INPUT:
========================================
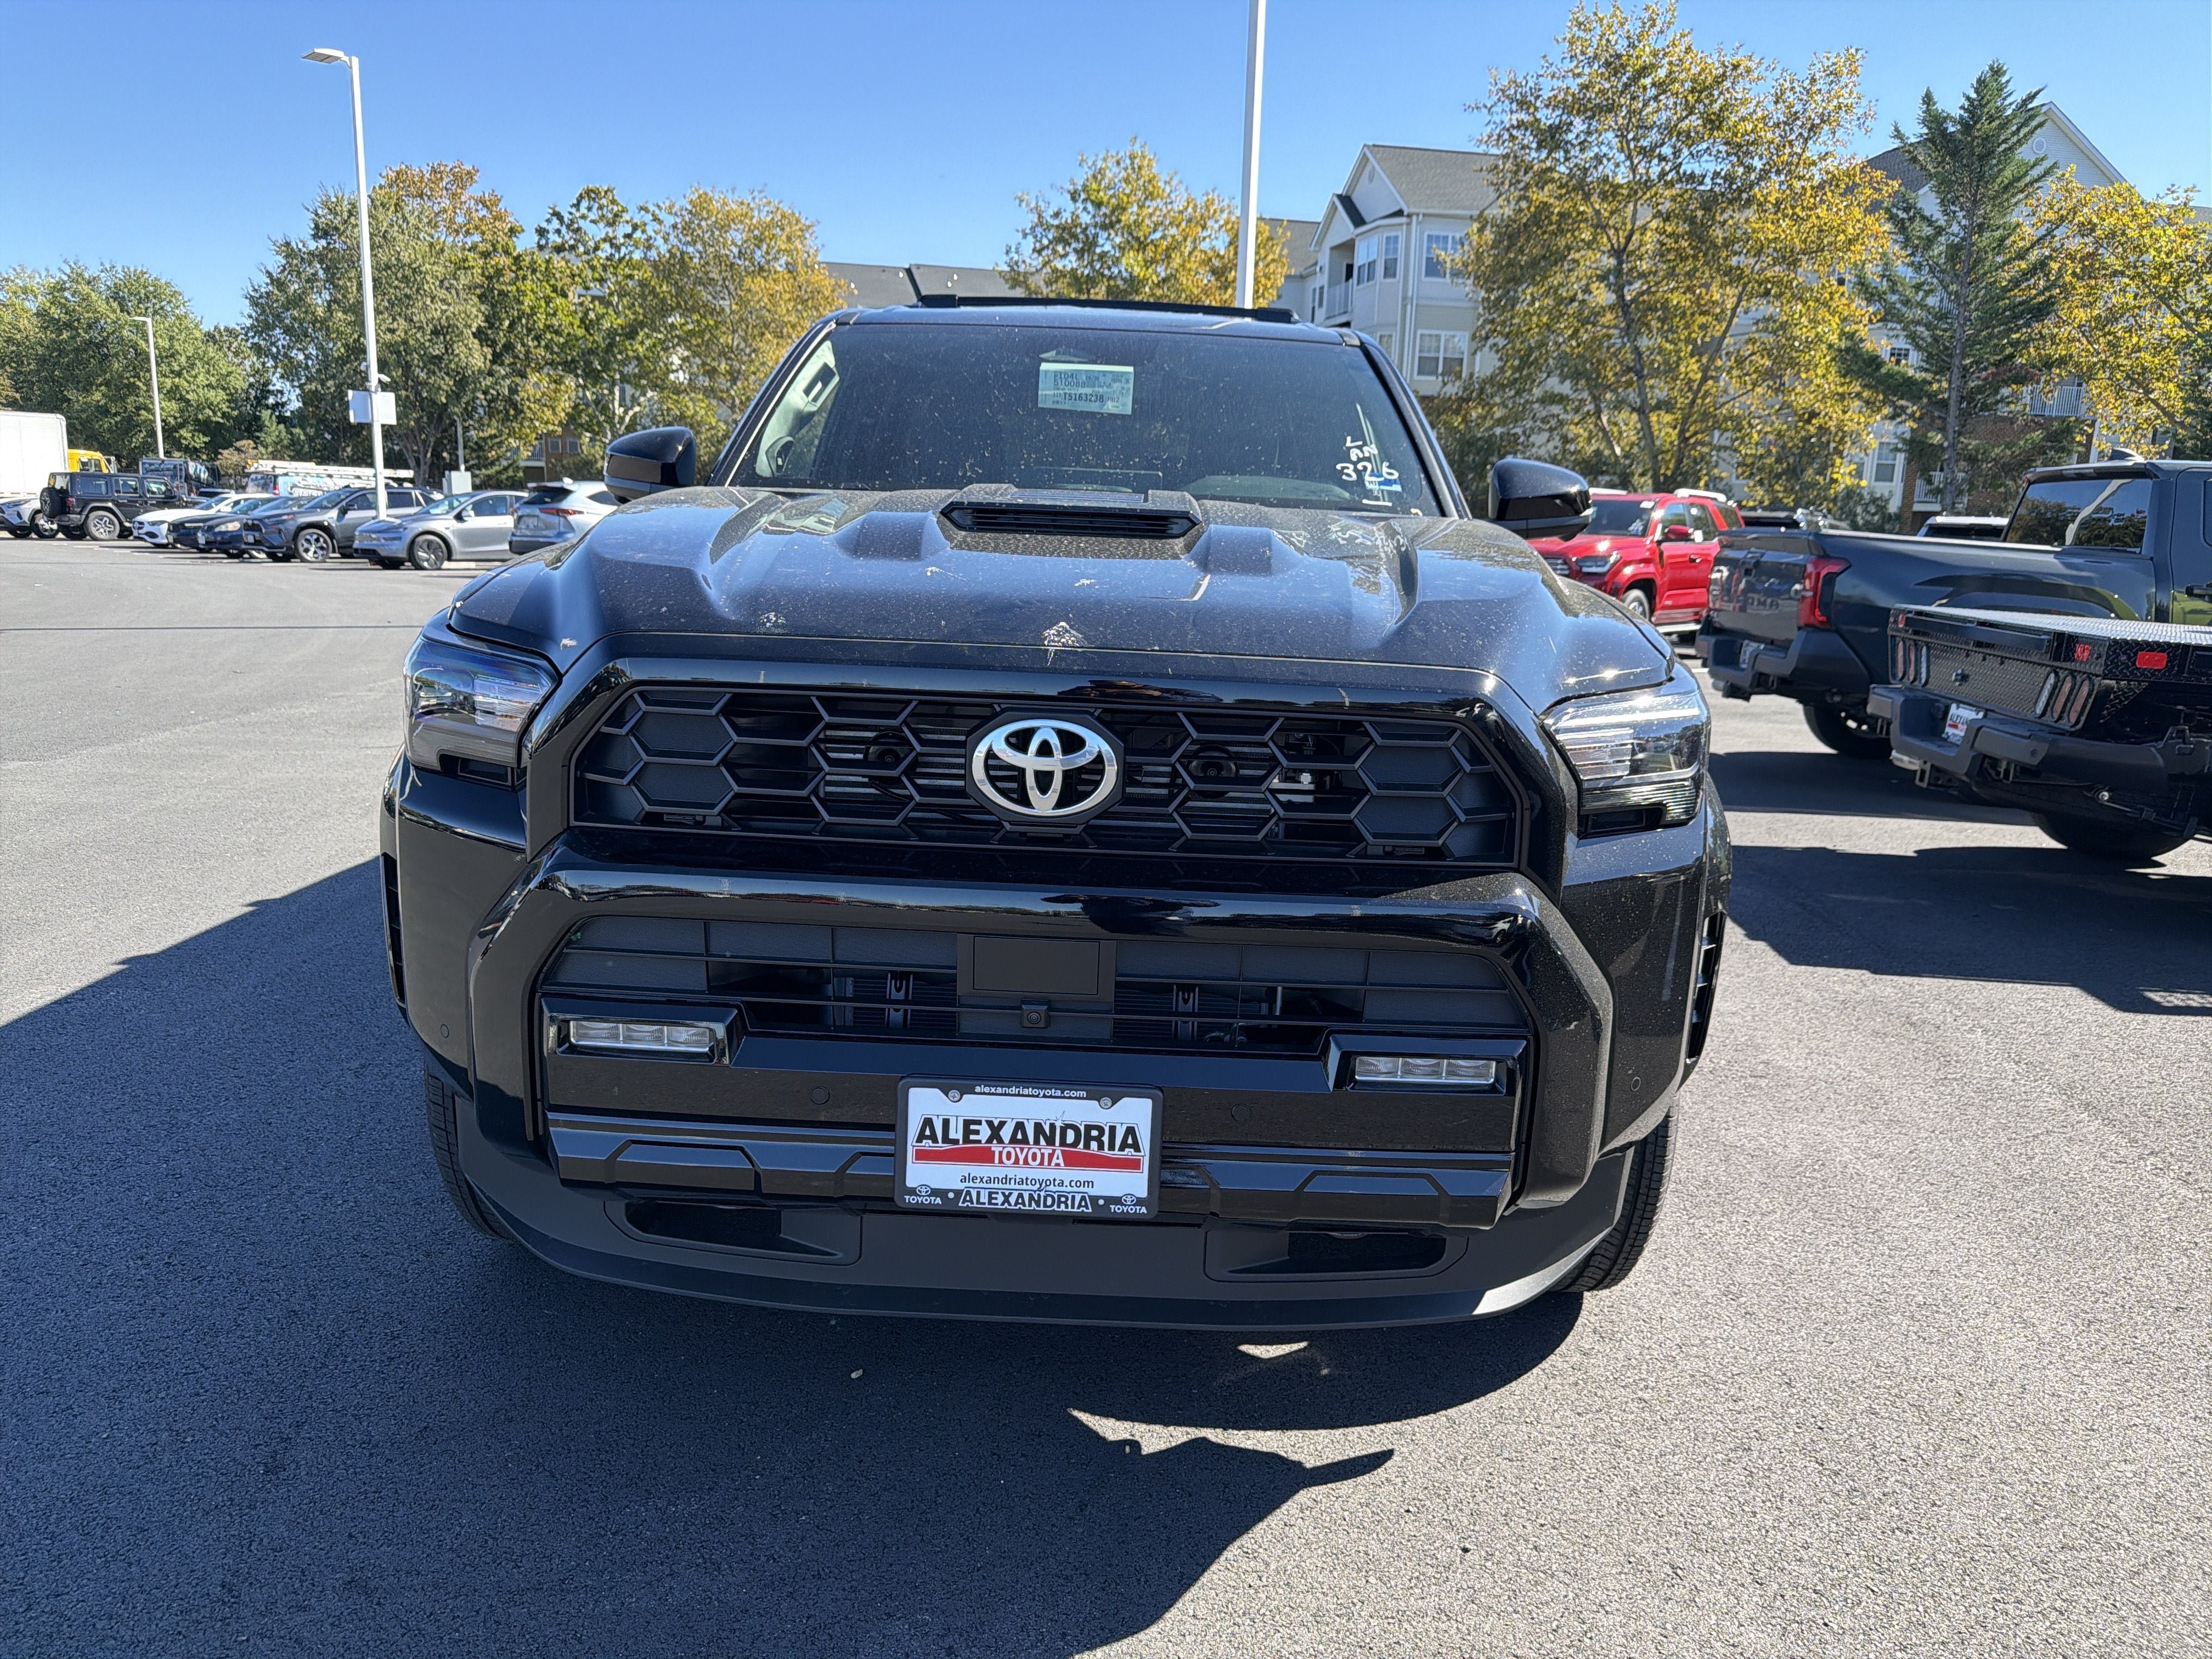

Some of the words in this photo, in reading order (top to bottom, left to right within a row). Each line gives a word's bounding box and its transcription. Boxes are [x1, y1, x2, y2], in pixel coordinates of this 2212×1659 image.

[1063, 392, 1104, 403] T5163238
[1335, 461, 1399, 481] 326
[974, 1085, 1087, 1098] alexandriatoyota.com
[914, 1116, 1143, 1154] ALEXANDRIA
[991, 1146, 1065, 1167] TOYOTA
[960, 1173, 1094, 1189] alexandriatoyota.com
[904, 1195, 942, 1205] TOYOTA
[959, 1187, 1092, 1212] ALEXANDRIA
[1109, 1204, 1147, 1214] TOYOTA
========================================
PROBLEM REQUIREMENTS: Wherever a picture appears, omit it; copy the rest of the data exactly.

FINISHED EXERCISE:
Some of the words in this photo, in reading order (top to bottom, left to right within a row). Each line gives a word's bounding box and its transcription. Boxes are [x1, y1, x2, y2], in pixel coordinates of this 2212×1659 image.

[1063, 392, 1104, 403] T5163238
[1335, 461, 1399, 481] 326
[974, 1085, 1087, 1098] alexandriatoyota.com
[914, 1116, 1143, 1154] ALEXANDRIA
[991, 1146, 1065, 1167] TOYOTA
[960, 1173, 1094, 1189] alexandriatoyota.com
[904, 1195, 942, 1205] TOYOTA
[959, 1187, 1092, 1212] ALEXANDRIA
[1109, 1204, 1147, 1214] TOYOTA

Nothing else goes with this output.